Could every line below be transcribed exactly, with the pictures dropped?

**********

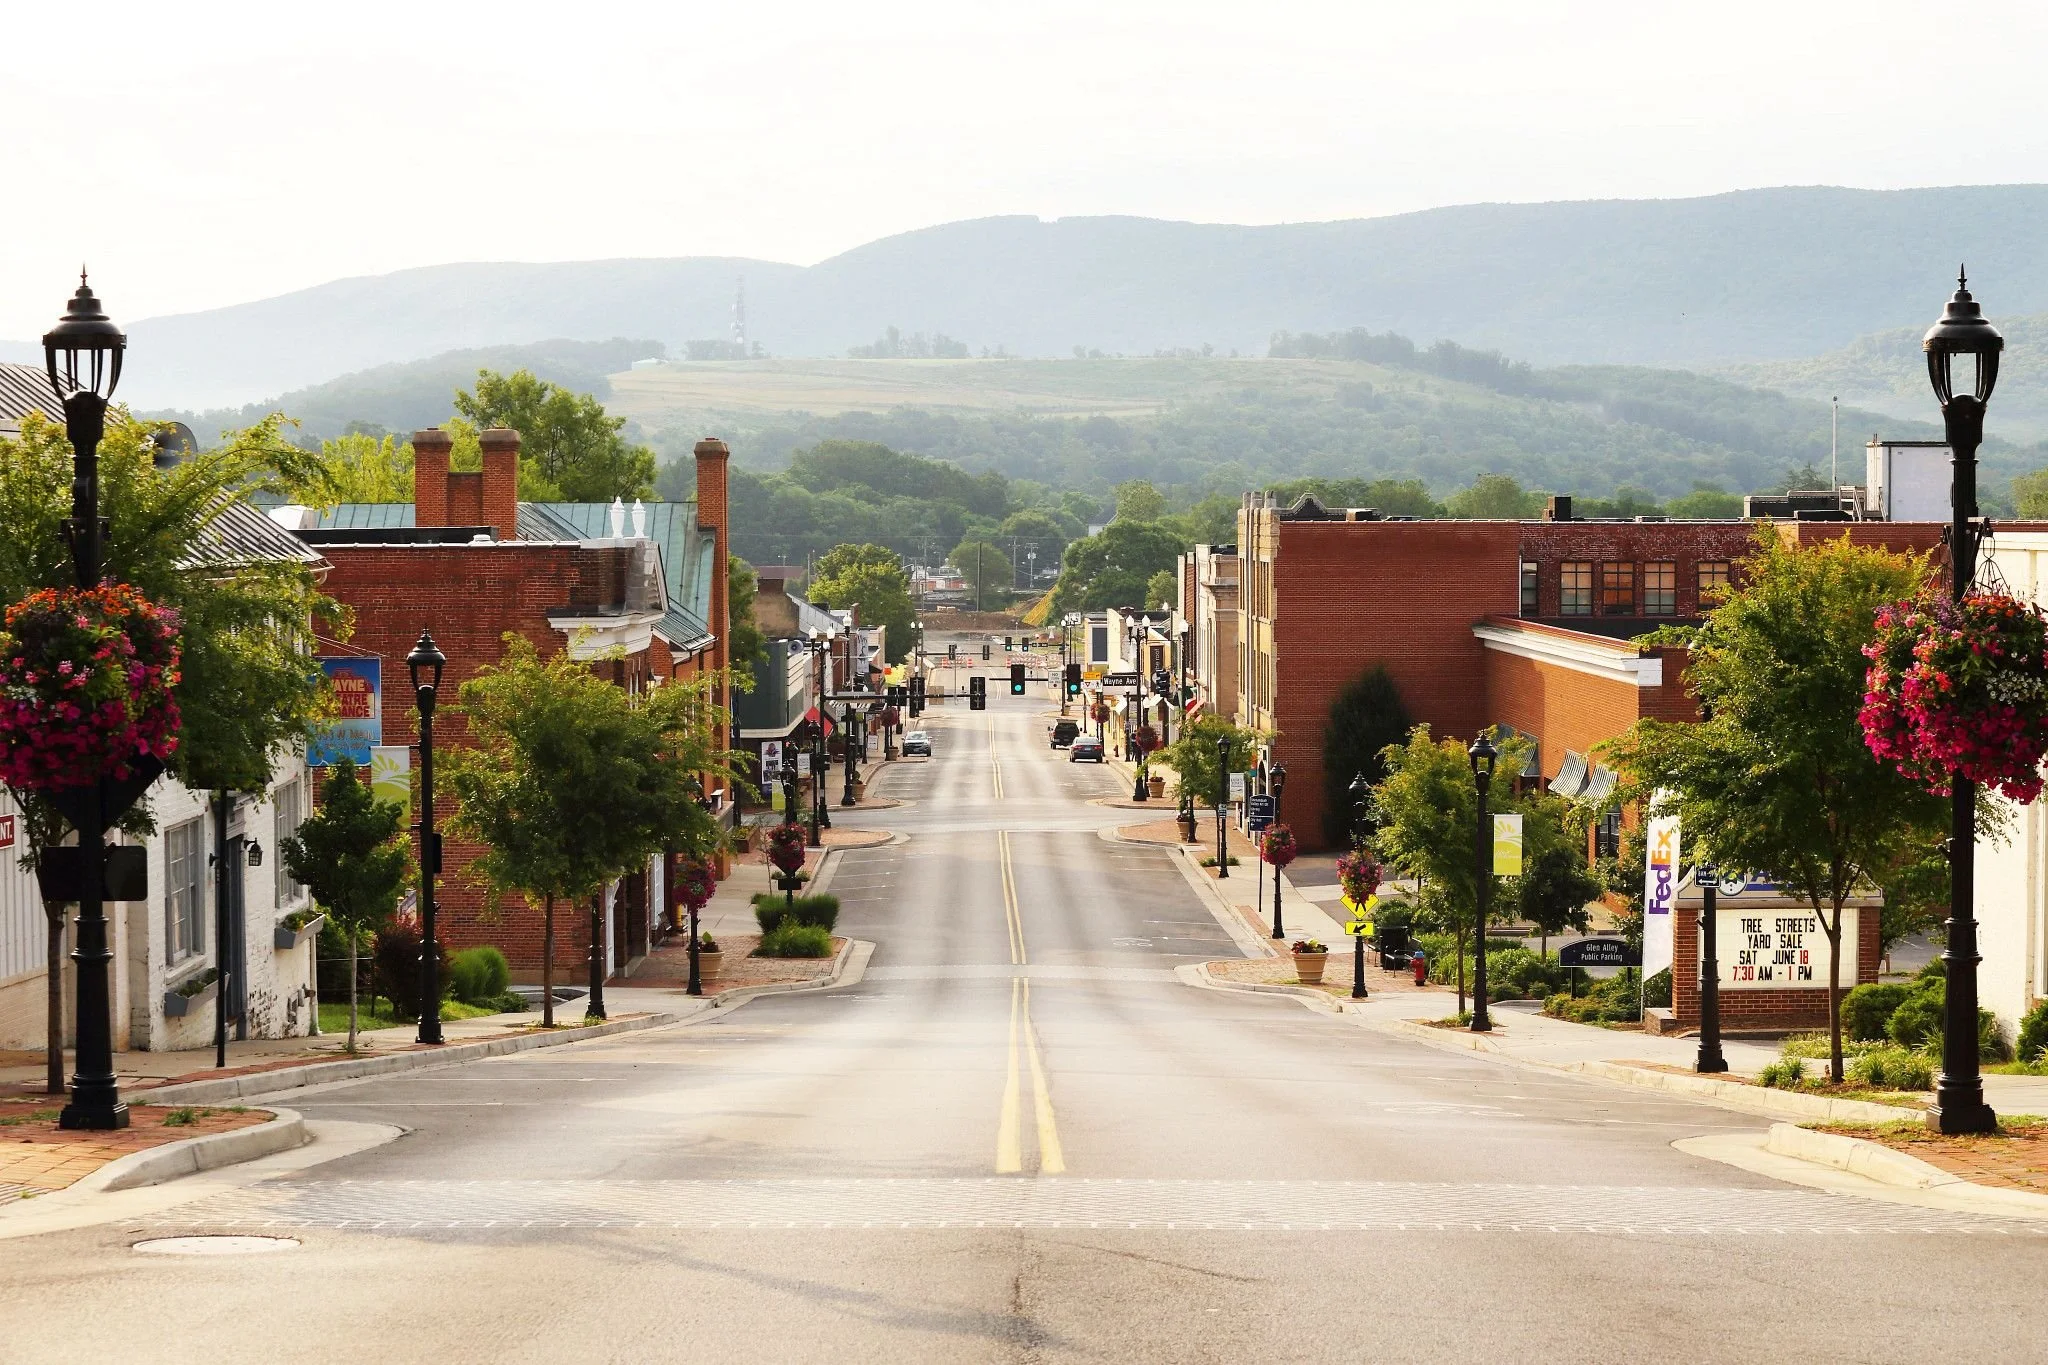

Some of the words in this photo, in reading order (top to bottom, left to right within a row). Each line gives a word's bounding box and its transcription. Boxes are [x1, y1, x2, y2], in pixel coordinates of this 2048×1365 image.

[1103, 677, 1123, 687] Wayne
[1125, 677, 1137, 685] Ave
[336, 693, 368, 706] ATRE
[338, 706, 371, 718] ANCE
[1648, 829, 1672, 915] FedEx
[1741, 918, 1763, 933] TREE
[1775, 918, 1816, 933] STREETS
[1586, 943, 1601, 952] Glen
[1602, 943, 1619, 953] Alley
[1748, 934, 1771, 949] YARD
[1780, 934, 1803, 949] SALE
[1581, 953, 1599, 961] Public
[1600, 953, 1623, 962] Parking
[1739, 950, 1757, 965] SAT
[1772, 950, 1796, 965] JUNE
[1799, 950, 1809, 965] 18
[1732, 966, 1754, 981] 7:30
[1758, 966, 1773, 981] AM
[1788, 966, 1792, 981] 1
[1797, 966, 1812, 981] PM
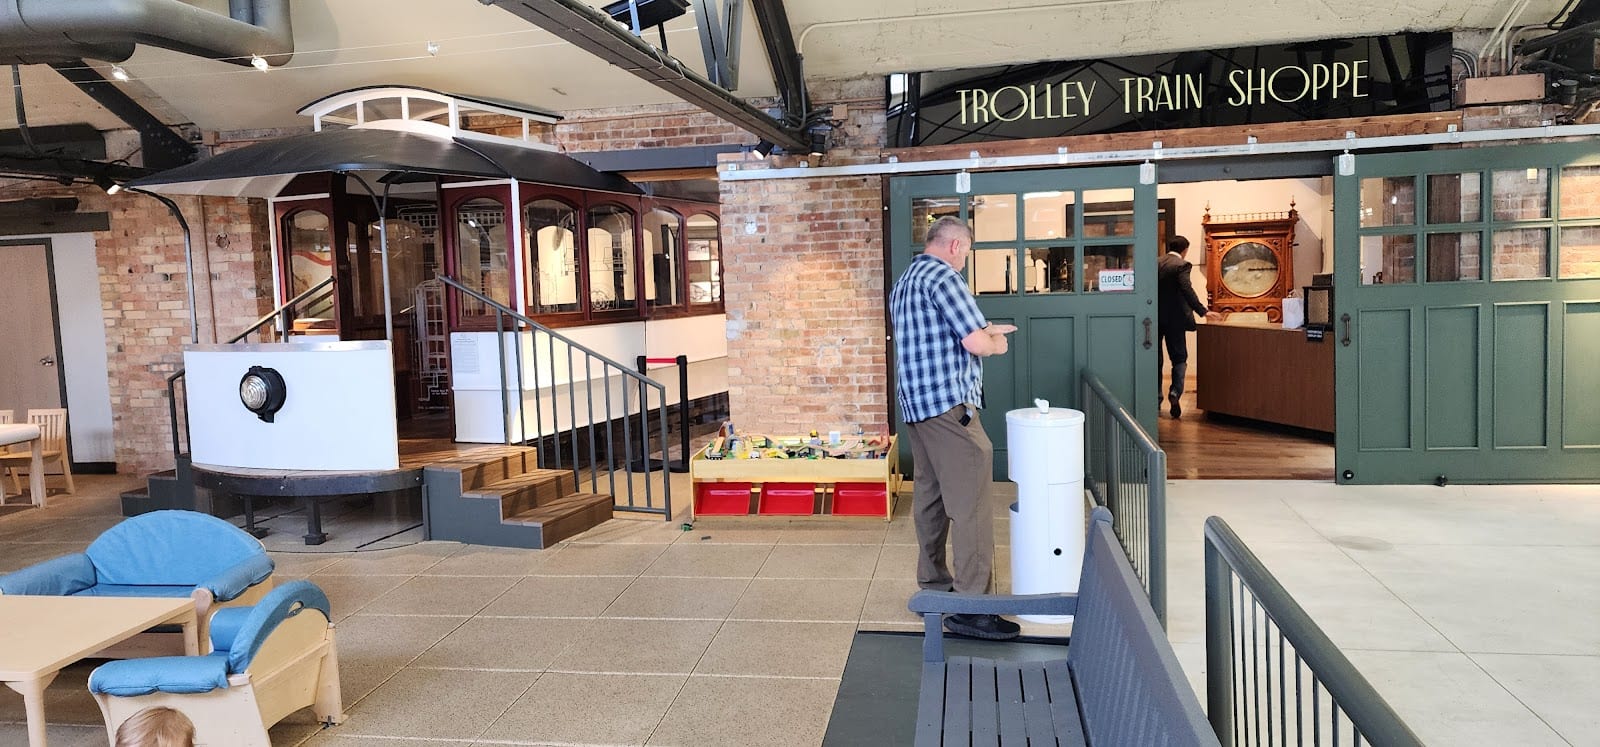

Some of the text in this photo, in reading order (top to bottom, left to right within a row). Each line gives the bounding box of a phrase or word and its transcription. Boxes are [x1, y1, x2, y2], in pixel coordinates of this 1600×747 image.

**********

:: OUTPUT BELOW ::
Some of the words in this photo, in reading order (top to bottom, left to right within a row). Each line gives a word's bounding box and its transcription. Boxes are [x1, y1, x2, y2], in pixel coordinates of this 2048×1365 image.

[1103, 677, 1123, 687] Wayne
[1125, 677, 1137, 685] Ave
[336, 693, 368, 706] ATRE
[338, 706, 371, 718] ANCE
[1648, 829, 1672, 915] FedEx
[1741, 918, 1763, 933] TREE
[1775, 918, 1816, 933] STREETS
[1586, 943, 1601, 952] Glen
[1602, 943, 1619, 953] Alley
[1748, 934, 1771, 949] YARD
[1780, 934, 1803, 949] SALE
[1581, 953, 1599, 961] Public
[1600, 953, 1623, 962] Parking
[1739, 950, 1757, 965] SAT
[1772, 950, 1796, 965] JUNE
[1799, 950, 1809, 965] 18
[1732, 966, 1754, 981] 7:30
[1758, 966, 1773, 981] AM
[1788, 966, 1792, 981] 1
[1797, 966, 1812, 981] PM

Some of the text in this photo, in reading order (top to bottom, left to right within a row). Each line gives the bounding box of a phrase or word and its transcription. Boxes are [x1, y1, x2, y2], in pixel coordinates of this 1600×747 image.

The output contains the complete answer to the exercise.